CO2 extraction is the modern, cleaner cousin of solvent extraction. Pushed past its critical point, carbon dioxide behaves like a liquid solvent with the penetrating power of a gas; drop the pressure and it simply boils off, leaving no residue. CO2 extracts often read closer to the living plant than the distilled equivalent, which is why they've spread fast since the mid-1980s despite the cost of the equipment.

Enfleurage is the museum piece. Fresh petals were pressed into odorless fat on glass-framed trays called chassis, recharged with new flowers for weeks until the fat was saturated — a pomade — then washed with alcohol to yield a flower absolute. Refined in Grasse in the eighteenth century, it was abandoned around the 1930s once solvent extraction became reliable. A handful of houses still practice it as a craft.

Tincture is extraction by patience. The material — typically a resin, gum, balsam, or something animalic like ambergris — is steeped in ethanol for weeks until the soluble aromatics dissolve into the alcohol, then filtered. It's the gentlest method, and the one closest to what a home perfumer can actually do.

Why headspace is the odd one out

Headspace belongs on this list and also doesn't, because it extracts nothing. Instead of taking material from the plant, a perfumer traps the air around a living flower, runs it through gas chromatography to read which molecules are present and in what ratio, and then rebuilds that smell from synthetic aroma chemicals. It's the only way to bottle the scent of a bloom that can't be harvested — a rare orchid, a flower that stops smelling the moment it's cut, even non-plant smells like rain or sea spray. What you get is a reconstruction, not an oil or an absolute, which is exactly why it sits apart from every other method here.

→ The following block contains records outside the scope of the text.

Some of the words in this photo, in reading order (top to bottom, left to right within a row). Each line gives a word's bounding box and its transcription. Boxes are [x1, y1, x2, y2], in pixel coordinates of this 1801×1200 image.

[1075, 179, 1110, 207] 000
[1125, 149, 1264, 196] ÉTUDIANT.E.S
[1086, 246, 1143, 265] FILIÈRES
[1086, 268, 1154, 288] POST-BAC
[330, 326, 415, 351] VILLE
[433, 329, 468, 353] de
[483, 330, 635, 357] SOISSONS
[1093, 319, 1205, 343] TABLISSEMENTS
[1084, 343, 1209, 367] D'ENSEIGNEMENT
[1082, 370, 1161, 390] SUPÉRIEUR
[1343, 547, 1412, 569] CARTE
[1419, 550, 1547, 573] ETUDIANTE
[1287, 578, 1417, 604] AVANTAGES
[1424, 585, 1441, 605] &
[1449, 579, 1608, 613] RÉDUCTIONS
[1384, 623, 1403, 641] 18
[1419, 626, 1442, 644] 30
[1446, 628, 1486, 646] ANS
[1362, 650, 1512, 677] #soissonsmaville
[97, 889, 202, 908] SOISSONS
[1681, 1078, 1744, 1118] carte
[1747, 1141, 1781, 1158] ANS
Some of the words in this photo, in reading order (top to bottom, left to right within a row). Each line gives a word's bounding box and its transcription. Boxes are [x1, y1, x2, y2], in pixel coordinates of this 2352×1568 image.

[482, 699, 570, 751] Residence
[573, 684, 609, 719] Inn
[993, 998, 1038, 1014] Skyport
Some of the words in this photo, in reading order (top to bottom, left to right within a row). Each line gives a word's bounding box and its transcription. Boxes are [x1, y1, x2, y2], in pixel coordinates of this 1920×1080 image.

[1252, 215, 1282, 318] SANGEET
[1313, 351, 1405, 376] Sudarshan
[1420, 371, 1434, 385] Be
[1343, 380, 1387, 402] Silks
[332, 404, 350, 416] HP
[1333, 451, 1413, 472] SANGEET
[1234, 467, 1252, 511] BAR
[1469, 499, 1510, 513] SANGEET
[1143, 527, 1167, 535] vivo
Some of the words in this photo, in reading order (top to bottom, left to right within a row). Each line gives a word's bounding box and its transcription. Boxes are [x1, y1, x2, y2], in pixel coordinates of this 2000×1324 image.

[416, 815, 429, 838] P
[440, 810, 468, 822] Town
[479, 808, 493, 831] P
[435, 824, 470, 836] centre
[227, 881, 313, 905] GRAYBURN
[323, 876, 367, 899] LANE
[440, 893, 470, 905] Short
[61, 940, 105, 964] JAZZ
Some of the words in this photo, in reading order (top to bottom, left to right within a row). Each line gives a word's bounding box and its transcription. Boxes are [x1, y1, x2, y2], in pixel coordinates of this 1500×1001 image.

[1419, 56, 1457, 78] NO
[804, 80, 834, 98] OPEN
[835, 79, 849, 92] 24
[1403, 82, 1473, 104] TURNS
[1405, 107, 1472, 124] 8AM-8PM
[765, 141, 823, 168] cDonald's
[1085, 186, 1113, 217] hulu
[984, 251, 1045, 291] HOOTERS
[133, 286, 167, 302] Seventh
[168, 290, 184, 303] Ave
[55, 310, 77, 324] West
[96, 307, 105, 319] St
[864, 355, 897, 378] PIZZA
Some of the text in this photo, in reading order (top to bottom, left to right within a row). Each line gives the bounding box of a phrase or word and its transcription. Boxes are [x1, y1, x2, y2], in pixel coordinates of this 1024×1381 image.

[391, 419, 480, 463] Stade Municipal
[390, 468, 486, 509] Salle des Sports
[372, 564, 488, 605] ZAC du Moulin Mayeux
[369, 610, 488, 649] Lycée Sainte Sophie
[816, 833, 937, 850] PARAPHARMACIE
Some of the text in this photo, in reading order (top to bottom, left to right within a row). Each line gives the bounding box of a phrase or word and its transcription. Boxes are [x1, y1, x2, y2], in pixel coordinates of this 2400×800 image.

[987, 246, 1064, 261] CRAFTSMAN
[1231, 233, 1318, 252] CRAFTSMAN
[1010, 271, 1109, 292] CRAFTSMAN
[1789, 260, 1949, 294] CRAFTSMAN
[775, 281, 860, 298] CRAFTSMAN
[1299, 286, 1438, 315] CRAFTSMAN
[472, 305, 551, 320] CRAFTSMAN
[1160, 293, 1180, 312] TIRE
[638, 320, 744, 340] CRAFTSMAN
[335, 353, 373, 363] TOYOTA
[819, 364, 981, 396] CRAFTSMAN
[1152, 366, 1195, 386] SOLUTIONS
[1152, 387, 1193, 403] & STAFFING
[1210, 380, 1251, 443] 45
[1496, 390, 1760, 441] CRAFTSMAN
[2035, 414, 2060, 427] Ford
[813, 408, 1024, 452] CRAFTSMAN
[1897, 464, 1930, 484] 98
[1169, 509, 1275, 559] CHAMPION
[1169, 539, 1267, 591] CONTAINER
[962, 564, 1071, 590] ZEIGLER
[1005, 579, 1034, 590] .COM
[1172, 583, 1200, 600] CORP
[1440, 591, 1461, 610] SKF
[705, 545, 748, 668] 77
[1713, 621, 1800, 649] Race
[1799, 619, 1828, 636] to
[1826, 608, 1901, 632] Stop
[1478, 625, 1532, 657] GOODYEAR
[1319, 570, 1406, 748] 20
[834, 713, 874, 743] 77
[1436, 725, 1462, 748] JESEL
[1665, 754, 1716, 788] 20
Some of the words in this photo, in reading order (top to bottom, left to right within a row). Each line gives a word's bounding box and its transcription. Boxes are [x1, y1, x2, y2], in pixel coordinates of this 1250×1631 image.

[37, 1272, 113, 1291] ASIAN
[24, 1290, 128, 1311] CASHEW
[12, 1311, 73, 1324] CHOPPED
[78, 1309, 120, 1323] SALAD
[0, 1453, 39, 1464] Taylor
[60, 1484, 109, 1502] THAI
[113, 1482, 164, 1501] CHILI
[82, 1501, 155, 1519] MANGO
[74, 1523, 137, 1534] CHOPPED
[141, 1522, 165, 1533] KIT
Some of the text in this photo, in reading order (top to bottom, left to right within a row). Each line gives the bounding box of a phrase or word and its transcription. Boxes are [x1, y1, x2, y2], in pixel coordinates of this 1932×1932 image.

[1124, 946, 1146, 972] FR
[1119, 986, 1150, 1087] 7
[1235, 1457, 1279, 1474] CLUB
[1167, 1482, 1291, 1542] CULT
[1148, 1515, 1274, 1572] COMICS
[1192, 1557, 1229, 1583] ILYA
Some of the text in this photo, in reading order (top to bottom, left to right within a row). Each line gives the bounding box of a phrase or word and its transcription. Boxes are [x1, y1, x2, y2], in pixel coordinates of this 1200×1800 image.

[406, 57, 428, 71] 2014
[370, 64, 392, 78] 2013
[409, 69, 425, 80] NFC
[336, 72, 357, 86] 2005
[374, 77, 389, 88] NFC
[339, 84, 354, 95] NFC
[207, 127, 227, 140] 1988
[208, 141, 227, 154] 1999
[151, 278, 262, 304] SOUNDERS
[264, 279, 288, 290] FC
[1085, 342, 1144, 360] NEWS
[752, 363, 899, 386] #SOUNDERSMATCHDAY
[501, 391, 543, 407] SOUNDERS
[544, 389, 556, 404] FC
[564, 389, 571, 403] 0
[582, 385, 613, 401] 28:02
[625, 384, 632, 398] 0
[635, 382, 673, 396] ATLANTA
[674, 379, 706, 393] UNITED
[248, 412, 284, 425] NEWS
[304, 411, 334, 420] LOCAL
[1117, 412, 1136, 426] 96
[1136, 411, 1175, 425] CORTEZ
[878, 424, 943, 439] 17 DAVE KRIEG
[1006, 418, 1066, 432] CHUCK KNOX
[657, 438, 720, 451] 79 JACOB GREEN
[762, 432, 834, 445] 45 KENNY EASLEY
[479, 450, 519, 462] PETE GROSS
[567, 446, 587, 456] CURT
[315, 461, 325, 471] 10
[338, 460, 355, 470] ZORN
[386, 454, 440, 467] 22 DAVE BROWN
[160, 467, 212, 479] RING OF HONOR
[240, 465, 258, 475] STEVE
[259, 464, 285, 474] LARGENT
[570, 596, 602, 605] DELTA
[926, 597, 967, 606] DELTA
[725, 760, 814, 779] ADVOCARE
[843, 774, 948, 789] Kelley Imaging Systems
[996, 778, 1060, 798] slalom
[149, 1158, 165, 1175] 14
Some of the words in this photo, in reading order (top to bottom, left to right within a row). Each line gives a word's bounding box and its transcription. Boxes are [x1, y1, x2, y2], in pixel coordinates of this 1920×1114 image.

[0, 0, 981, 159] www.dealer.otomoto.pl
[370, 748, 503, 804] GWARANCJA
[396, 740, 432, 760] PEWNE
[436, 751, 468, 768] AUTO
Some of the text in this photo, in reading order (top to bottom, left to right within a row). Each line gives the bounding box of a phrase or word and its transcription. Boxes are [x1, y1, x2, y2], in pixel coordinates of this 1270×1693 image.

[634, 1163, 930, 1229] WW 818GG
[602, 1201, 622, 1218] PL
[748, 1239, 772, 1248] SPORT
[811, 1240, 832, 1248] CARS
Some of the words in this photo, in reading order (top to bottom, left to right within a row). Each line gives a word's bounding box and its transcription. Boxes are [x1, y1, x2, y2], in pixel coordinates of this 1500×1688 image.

That distinction is the useful takeaway. Distillation, expression, solvent extraction, CO2, enfleurage, and tincture all physically remove aroma from a source and hand you a material. Headspace removes information and hands you a recipe. Both end up in the bottle; only one of them ever touched the flower.

Frequently Asked Questions

What's the difference between an essential oil and an absolute?+
An essential oil comes from distillation — steam pulls the aroma out of a heat-tolerant material. An absolute comes from solvent extraction of a delicate flower, via a waxy intermediate called a concrete. Absolutes tend to read fuller and closer to the living flower; essential oils are cleaner but only work on materials that survive heat.
Why is citrus pressed instead of distilled?+
Citrus oil sits in glands just under the peel and is easily damaged by heat, so it's mechanically pressed cold rather than steam-distilled. Expression keeps the bright, fresh character that distillation would dull.
Is headspace technology an extraction method?+
Not really. Headspace samples the air around a living flower and analyzes the molecules so they can be rebuilt synthetically — nothing is extracted from the plant itself. It's a capture-and-reconstruct technique, which is why it's grouped with extraction methods but treated separately.
Is enfleurage still used today?+
Almost never commercially. Enfleurage — absorbing flower scent into fat — was abandoned around the 1930s once solvent extraction proved more reliable and far cheaper. A few artisan houses still practice it, but the modern equivalent for delicate flowers is solvent or CO2 extraction.